Dow Jones & The Industrials - Ain't Good Enough (from the Hoosier Hysteria split LP, 1980) - There ain't nothing inadequate about this slice of art-damaged Indiana punk rawk.

Thursday, September 18, 2008

won't be worried long

One of my strongest childhood memories is of my mother relating a bit of family folklore to me. It concerned some great-great-relation of her father's side of the family, a stoically creepy bunch of Old Yankees from Maine's Androscoggin County. This particular relative worked in a lumber mill, and during the course of his duties got his arm stuck in the machinery. As his friends tried in vain to find the best way to extricate the ruined limb from the works, my laterally-thinking ancestor came up with an easy solution -- power up the machinery and let it take the limb off quickly and cleanly. So they did.

I can't help but think that lingering effects of my mother's story somehow figure into the following random, but characteristically "Andrew," autobiographical antidote.

I adopted Mia not too long after Zoe Blackfeet, my previous feline companion, wandered off and never returned. Mia had belonged to some neurotic yuppies from Winchester who had soured on the idea of pet ownership and dumped her off at the vet's office.
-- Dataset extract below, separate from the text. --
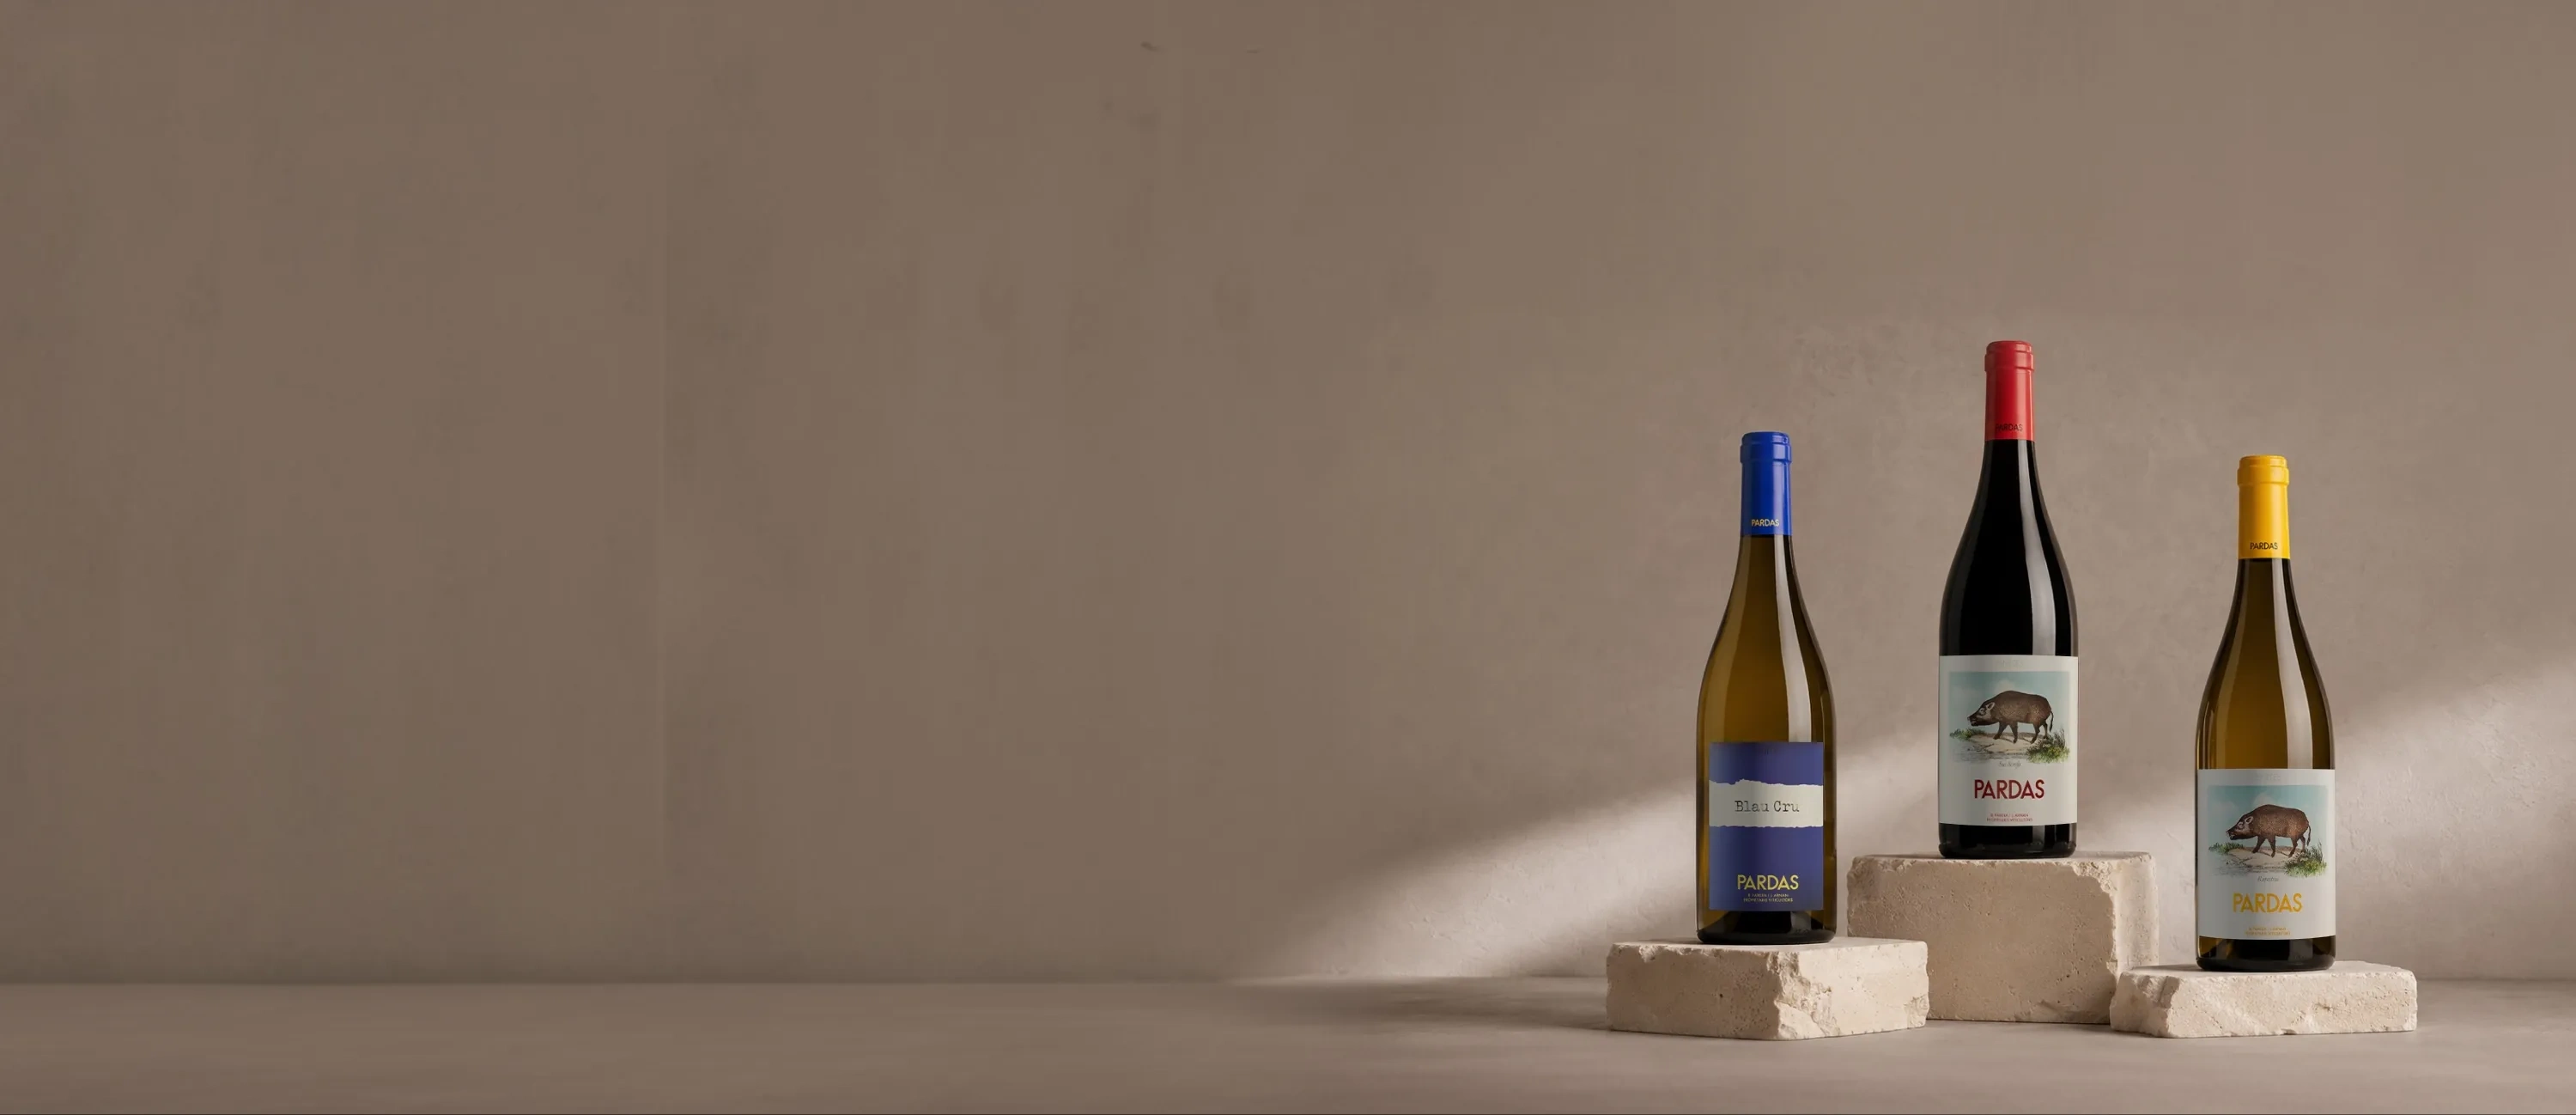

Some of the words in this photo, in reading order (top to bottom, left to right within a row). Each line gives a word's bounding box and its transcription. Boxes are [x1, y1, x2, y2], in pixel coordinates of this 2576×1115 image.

Unlike Zoe (or Budwina before her), Mia was not a personable cat. I don't know if it was from poor socialization or abuse experienced at the hands of her previous owners, or a simple matter of temperament. I've lived around cats my entire life; they're capricious creatures. Mia, though, wasn't so much aloof as sociopathic, and able to switch from snugglebunny to psycho-slasher with no warning whatsoever. (She also possessed the ability to shed her weight in long white fur on a daily basis.)

Even if she wasn't the nicest cat, I was still happy to have her around and living in a decent home.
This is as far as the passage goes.